====== Provided data

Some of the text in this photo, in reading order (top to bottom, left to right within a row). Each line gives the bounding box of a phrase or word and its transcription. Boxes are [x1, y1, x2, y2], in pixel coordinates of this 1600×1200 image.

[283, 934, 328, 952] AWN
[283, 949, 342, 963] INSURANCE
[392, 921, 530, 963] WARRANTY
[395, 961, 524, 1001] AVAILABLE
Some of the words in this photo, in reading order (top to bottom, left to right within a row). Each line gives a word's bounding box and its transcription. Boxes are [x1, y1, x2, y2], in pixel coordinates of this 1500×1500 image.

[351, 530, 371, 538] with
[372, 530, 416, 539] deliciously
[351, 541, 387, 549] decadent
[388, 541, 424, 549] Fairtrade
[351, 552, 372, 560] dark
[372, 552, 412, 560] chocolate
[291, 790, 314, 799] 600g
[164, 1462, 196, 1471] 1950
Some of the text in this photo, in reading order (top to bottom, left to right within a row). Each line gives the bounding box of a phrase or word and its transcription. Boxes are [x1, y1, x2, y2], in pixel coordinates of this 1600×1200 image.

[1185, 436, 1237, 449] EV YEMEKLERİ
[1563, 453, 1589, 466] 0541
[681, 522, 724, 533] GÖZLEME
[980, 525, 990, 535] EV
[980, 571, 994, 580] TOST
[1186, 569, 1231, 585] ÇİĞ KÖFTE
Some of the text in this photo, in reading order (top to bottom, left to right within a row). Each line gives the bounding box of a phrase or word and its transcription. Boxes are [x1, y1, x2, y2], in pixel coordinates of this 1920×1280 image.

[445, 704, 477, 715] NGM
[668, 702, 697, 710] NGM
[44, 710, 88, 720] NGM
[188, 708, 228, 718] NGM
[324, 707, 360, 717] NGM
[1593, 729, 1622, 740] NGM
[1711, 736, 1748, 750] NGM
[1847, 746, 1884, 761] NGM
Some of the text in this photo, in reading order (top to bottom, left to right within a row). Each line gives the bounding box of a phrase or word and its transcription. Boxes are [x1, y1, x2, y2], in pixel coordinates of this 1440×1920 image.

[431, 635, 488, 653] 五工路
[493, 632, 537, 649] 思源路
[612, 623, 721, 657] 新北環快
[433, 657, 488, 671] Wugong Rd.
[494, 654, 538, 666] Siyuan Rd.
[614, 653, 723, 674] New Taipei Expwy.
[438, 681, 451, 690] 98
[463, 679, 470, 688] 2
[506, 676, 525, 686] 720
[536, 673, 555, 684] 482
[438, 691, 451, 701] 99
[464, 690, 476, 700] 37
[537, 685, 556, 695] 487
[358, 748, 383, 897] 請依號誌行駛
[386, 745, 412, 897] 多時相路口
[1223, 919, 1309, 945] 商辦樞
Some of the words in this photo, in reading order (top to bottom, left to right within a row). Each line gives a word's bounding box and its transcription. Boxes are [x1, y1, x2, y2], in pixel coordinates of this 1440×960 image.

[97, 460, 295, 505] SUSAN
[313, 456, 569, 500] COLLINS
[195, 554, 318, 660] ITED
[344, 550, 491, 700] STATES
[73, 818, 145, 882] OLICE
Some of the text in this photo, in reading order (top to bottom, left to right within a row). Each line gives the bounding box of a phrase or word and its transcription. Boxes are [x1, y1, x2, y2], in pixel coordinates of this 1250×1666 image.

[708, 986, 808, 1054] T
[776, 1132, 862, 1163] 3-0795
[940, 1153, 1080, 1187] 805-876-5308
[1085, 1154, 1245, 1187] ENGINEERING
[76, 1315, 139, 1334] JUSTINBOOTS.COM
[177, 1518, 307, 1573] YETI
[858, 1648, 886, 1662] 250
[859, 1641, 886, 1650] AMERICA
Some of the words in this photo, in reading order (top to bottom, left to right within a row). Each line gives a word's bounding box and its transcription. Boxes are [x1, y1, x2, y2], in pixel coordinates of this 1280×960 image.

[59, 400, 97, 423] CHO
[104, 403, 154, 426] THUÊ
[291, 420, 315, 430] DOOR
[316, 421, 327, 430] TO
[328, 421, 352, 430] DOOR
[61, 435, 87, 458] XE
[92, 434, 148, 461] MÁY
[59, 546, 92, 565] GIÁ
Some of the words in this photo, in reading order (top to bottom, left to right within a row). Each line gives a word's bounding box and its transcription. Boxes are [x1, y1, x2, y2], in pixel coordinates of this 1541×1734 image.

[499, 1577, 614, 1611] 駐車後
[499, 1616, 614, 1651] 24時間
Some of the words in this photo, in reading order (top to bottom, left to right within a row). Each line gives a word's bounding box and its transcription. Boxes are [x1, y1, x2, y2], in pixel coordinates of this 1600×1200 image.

============

__Your task__: Lines from the one containing "this 1280×960 image." through the last line of the records, restated word for word: that is the whole response.

__Solution to this exercise__:
Some of the words in this photo, in reading order (top to bottom, left to right within a row). Each line gives a word's bounding box and its transcription. Boxes are [x1, y1, x2, y2], in pixel coordinates of this 1280×960 image.

[59, 400, 97, 423] CHO
[104, 403, 154, 426] THUÊ
[291, 420, 315, 430] DOOR
[316, 421, 327, 430] TO
[328, 421, 352, 430] DOOR
[61, 435, 87, 458] XE
[92, 434, 148, 461] MÁY
[59, 546, 92, 565] GIÁ
Some of the words in this photo, in reading order (top to bottom, left to right within a row). Each line gives a word's bounding box and its transcription. Boxes are [x1, y1, x2, y2], in pixel coordinates of this 1541×1734 image.

[499, 1577, 614, 1611] 駐車後
[499, 1616, 614, 1651] 24時間
Some of the words in this photo, in reading order (top to bottom, left to right within a row). Each line gives a word's bounding box and its transcription. Boxes are [x1, y1, x2, y2], in pixel coordinates of this 1600×1200 image.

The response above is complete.